Your instructions
Leave out the pictures. Return every record otherwise untouched.

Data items
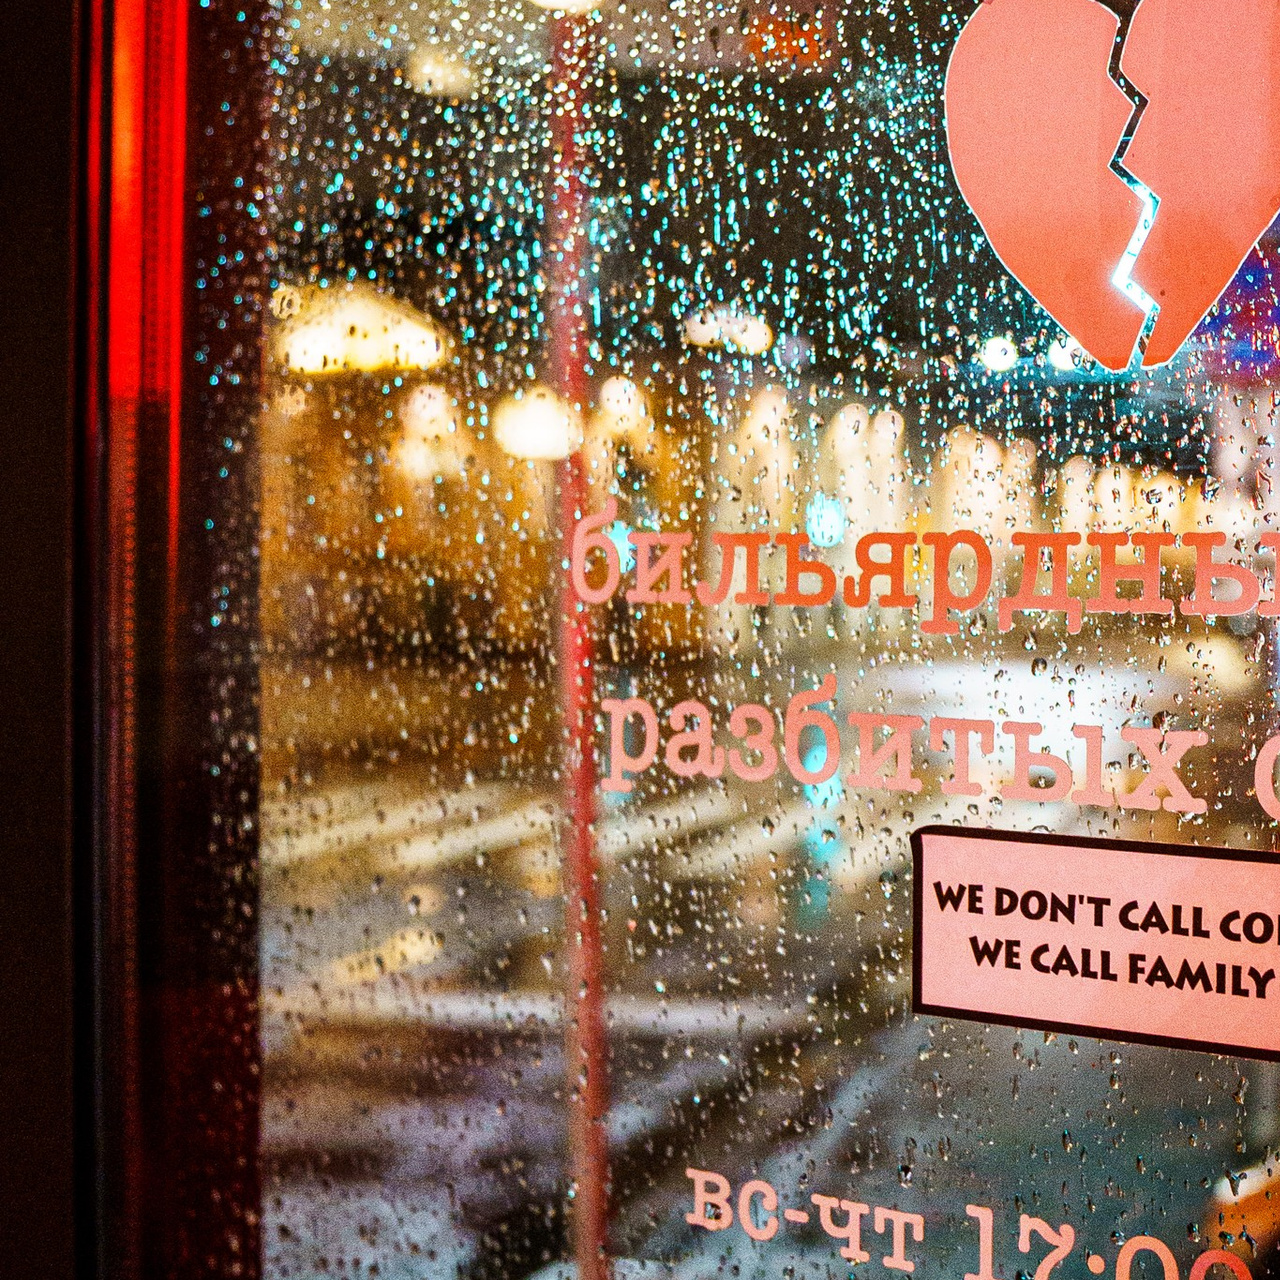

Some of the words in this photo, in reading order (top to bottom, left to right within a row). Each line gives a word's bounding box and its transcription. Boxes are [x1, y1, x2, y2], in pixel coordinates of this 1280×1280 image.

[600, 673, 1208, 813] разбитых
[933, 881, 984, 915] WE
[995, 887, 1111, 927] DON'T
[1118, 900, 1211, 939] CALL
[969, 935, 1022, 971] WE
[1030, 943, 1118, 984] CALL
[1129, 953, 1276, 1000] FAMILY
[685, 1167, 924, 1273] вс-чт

Reply
Some of the words in this photo, in reading order (top to bottom, left to right within a row). Each line gives a word's bounding box and its transcription. Boxes are [x1, y1, x2, y2], in pixel coordinates of this 1280×1280 image.

[600, 673, 1208, 813] разбитых
[933, 881, 984, 915] WE
[995, 887, 1111, 927] DON'T
[1118, 900, 1211, 939] CALL
[969, 935, 1022, 971] WE
[1030, 943, 1118, 984] CALL
[1129, 953, 1276, 1000] FAMILY
[685, 1167, 924, 1273] вс-чт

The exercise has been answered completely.